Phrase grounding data
++++++
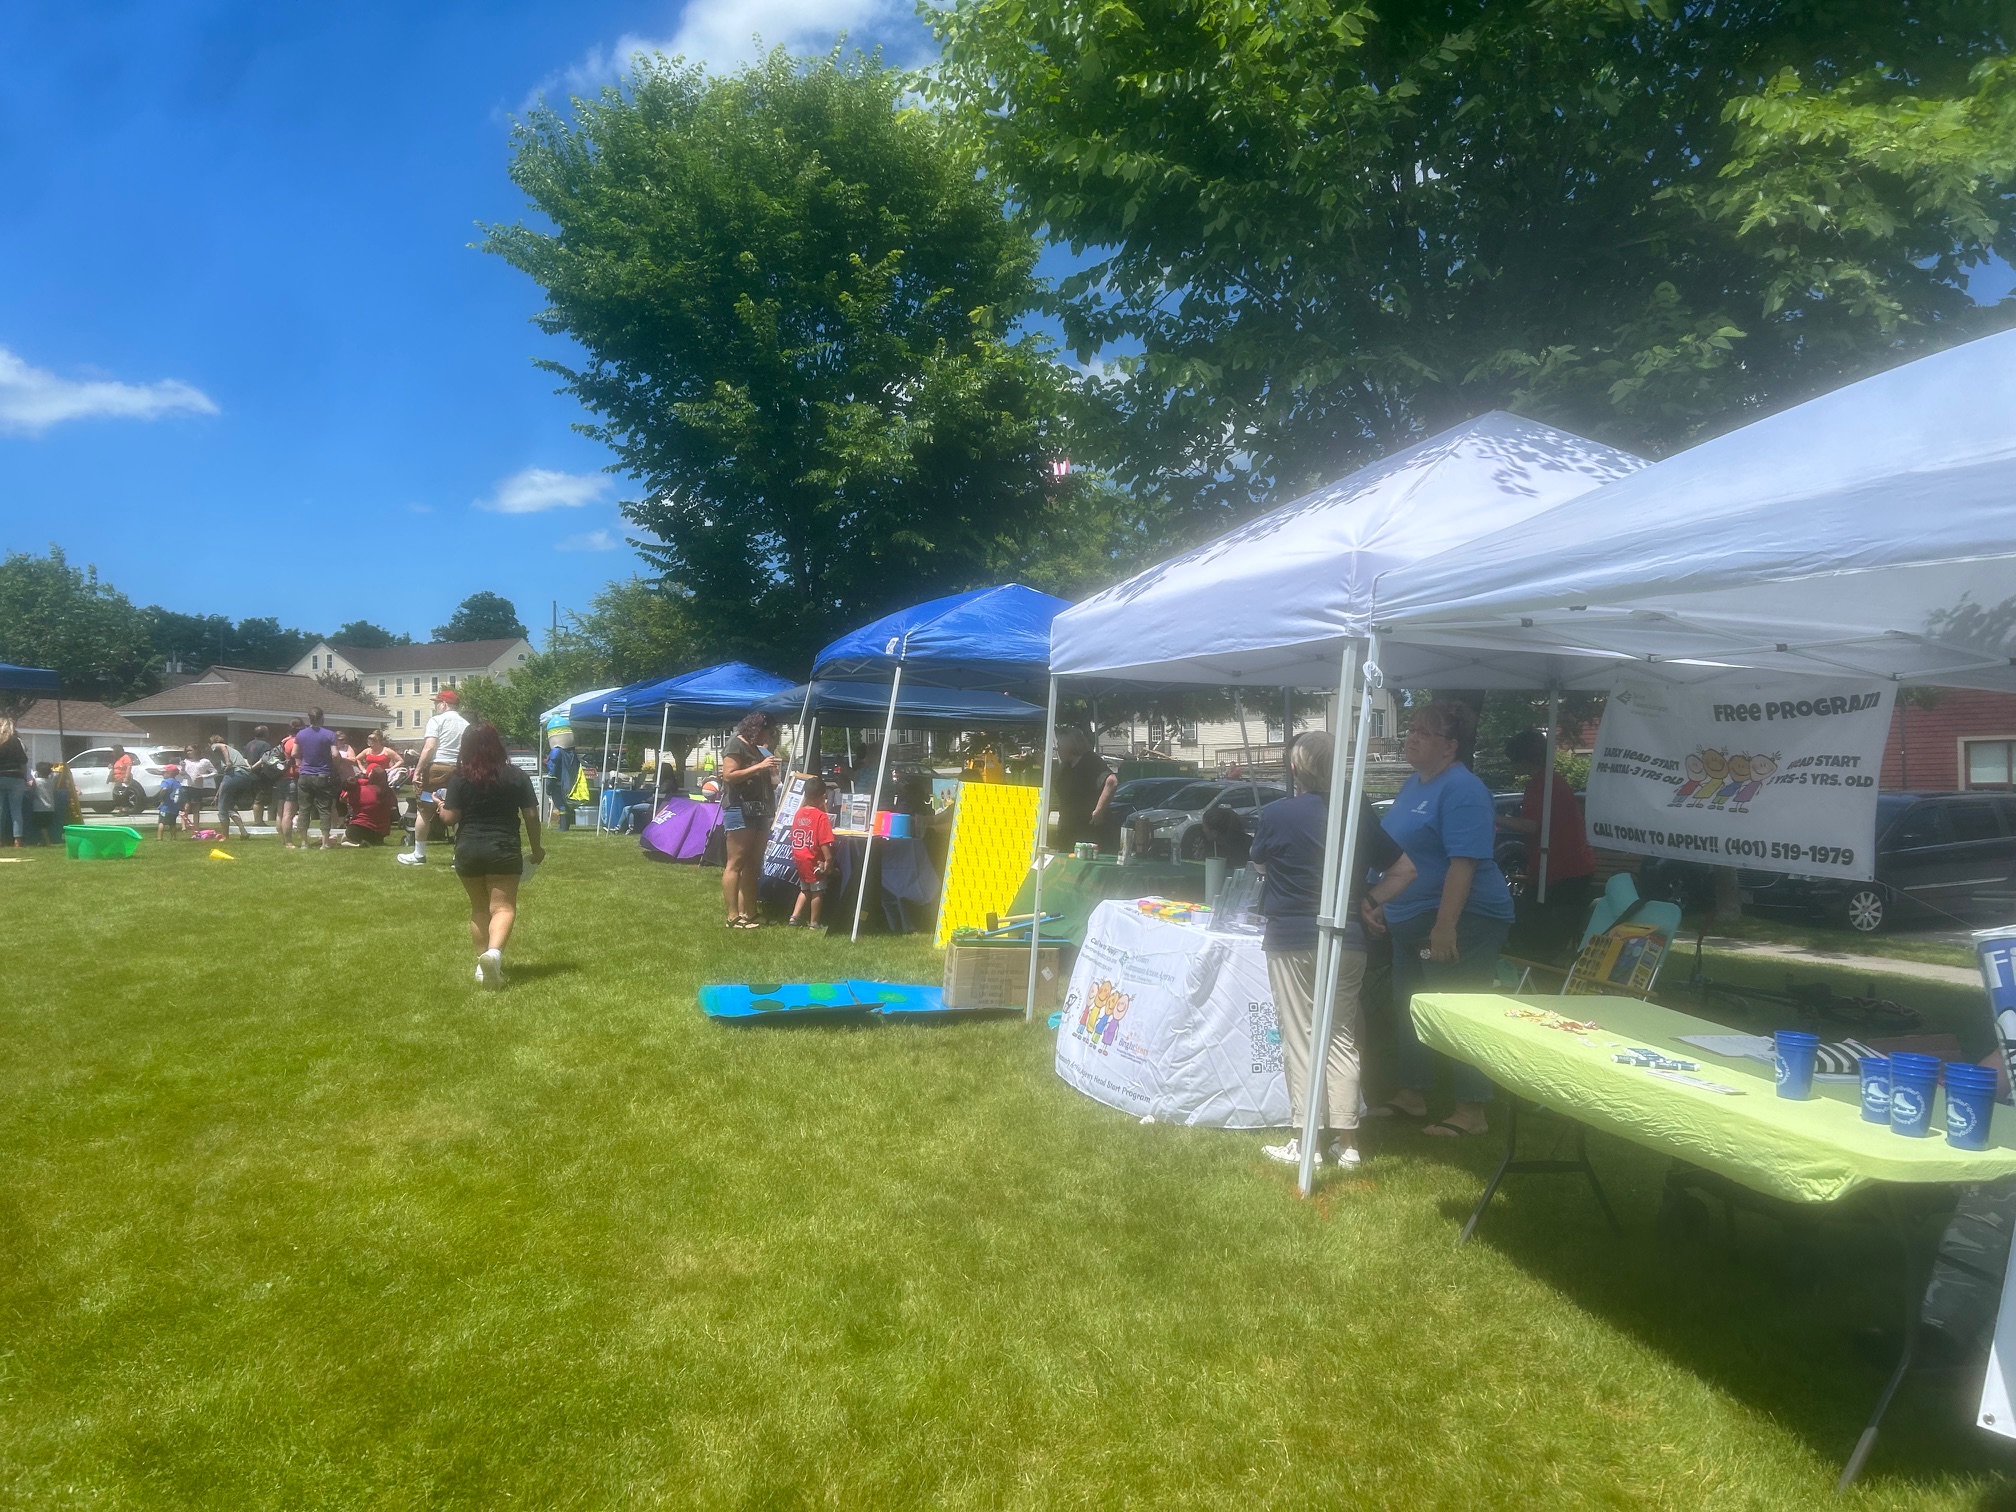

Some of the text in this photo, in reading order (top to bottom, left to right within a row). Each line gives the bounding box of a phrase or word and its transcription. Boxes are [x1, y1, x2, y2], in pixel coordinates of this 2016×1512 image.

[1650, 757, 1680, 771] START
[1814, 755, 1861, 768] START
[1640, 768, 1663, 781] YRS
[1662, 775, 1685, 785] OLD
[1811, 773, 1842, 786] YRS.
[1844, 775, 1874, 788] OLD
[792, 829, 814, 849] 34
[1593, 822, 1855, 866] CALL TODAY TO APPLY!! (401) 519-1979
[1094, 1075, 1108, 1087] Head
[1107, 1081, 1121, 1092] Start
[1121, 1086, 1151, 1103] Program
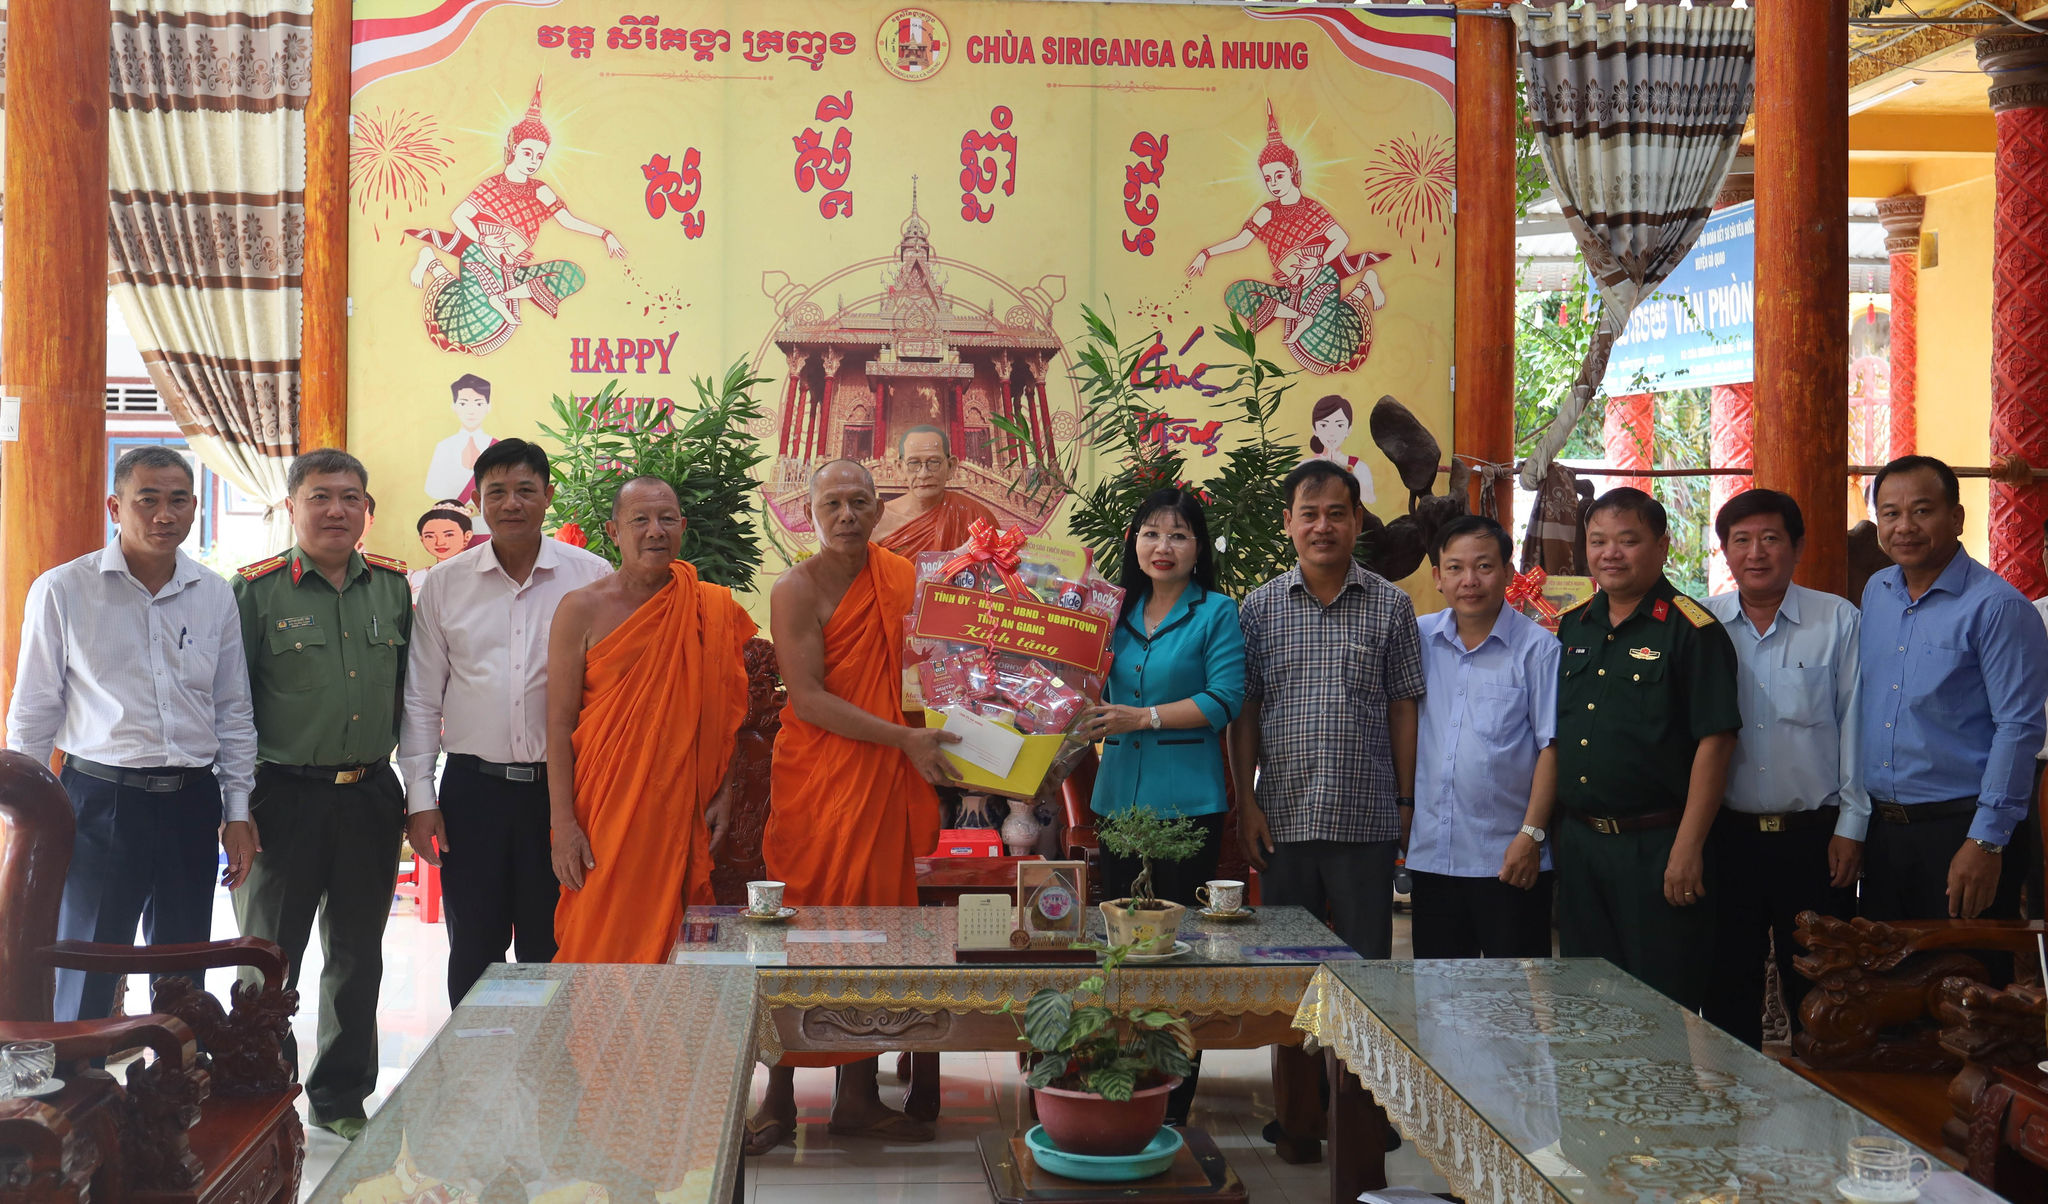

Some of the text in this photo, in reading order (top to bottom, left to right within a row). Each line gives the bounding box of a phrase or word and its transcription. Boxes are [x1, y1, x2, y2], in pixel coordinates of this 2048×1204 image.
++++++
Task statement:
Keep the pictures out, and write out the rest of the data above word for word.

Exercise output:
Some of the text in this photo, in reading order (top to bottom, left to right within a row). Each line gives the bounding box of a phrase or word and its transcription. Boxes are [x1, y1, x2, y2], in pixel coordinates of this 2016×1512 image.

[1650, 757, 1680, 771] START
[1814, 755, 1861, 768] START
[1640, 768, 1663, 781] YRS
[1662, 775, 1685, 785] OLD
[1811, 773, 1842, 786] YRS.
[1844, 775, 1874, 788] OLD
[792, 829, 814, 849] 34
[1593, 822, 1855, 866] CALL TODAY TO APPLY!! (401) 519-1979
[1094, 1075, 1108, 1087] Head
[1107, 1081, 1121, 1092] Start
[1121, 1086, 1151, 1103] Program

Some of the text in this photo, in reading order (top to bottom, left to right within a row). Each line gives the bounding box of a phrase or word and its transcription. Boxes are [x1, y1, x2, y2], in pixel coordinates of this 2048×1204 image.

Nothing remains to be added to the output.